黄疸・腹水・発熱などの症状。今後の治療選択は?

回答者:椎名 秀一朗
東京大学医学部付属病院 消化器内科講師
発行:2005年8月
更新:2013年10月

  

2005年初めに検査で肝臓がんが見つかり、2カ月前まで入院していました。「かなり進行していて、肝硬変も併発しているため、手術はできない」と言われ、入院中は点滴と注射のみで、何もしないような状態でした。退院後、自宅で療養していましたが、最近、黄疸がひどくなり、腹水もたまり、発熱(38度前後)を繰り返すようになったため、再入院しました。担当医は「もうすることがない」と言います。私のような状態では治療法はないのでしょうか。肝動注などの治療は難しいのでしょうか。

(山梨県 62歳 男性)

A 進行度により生体肝移植、化学療法などの選択肢がある

肝臓がんの進行度はどの程度なのでしょうか。肝臓がんの進行度と肝機能の状態によって、治療法は異なってきます。肝臓がんはあまり進行していないのに、肝硬変による肝機能低下のために、肝臓がんの治療ができない可能性もあります。こうした場合、肝移植が適応になります。日本国内では生体肝移植がほとんどです。生体肝移植ではドナー(臓器提供者)が必要となります。また、肝移植にはミラノ基準と呼ばれる一定の条件(がんが単発で5センチ以下、あるいは3センチ以下3個以内で、遠隔転移・リンパ節転移がなく、門脈や肝静脈にも浸潤がない)がよいとされ、この条件内での肝移植には医療保険が適応されます。62歳という年齢から考えても、肝移植は治療法の1つと言えます。
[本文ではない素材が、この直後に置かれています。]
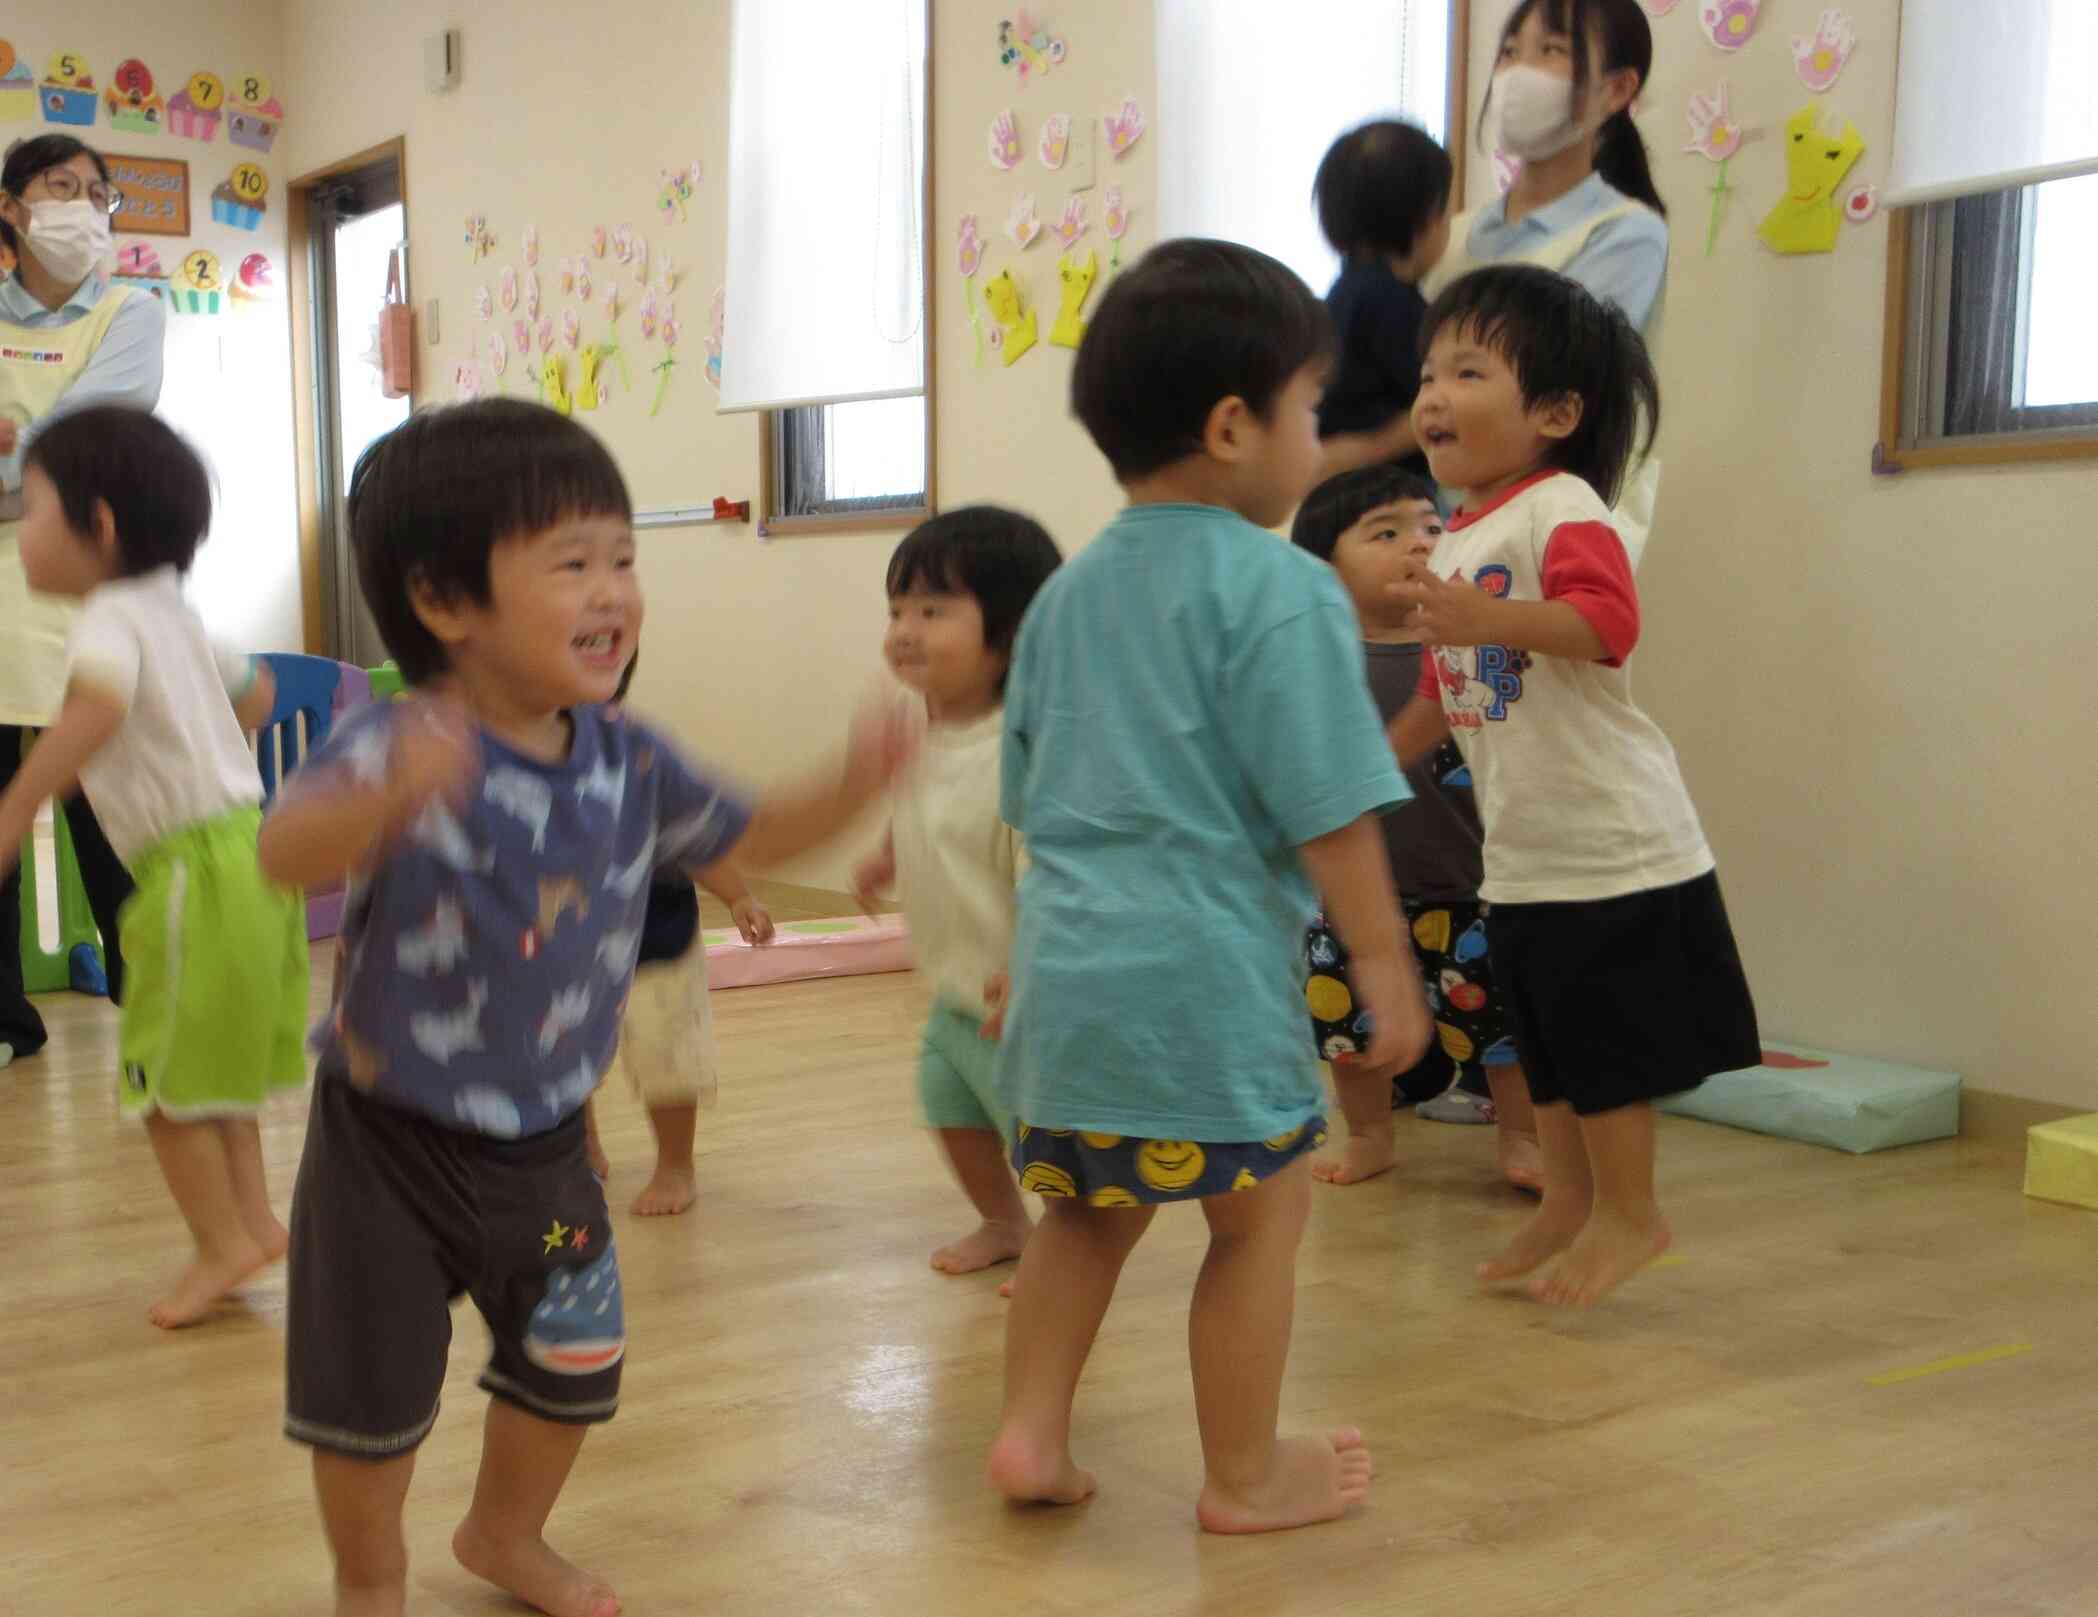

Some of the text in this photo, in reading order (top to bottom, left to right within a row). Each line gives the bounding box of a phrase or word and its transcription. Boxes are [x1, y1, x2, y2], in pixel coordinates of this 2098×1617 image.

肝臓がん自体はかなり進行していて門脈腫瘍栓があるような場合でも、肝機能がそれほど悪化していない場合には5-FU(一般名フルオロウラシル)とペグインターフェロン(体内でゆっくり作用させるように改良した新しいインターフェロン)の併用療法の適応がないかどうか検討する必要があります。ペグインターフェロンには5-FUの抗がん作用を強化する作用のあることがわかってきました。そこで、最近ではこの併用療法を行うようになりました。皮下にリザーバーと呼ばれる小さな袋のような金属器具を埋め込んで、そのリザーバーに携帯用のポンプを用いて5-FUを持続的に注入します。ペグインターフェロンは週1回注射をします。この併用療法は、半分ほどの患者さんに延命効果がありそうです。そのため、最近では肝機能がかなり悪化した場合にも、この併用療法を行うようになりました。この併用療法も選択肢の1つになると思います。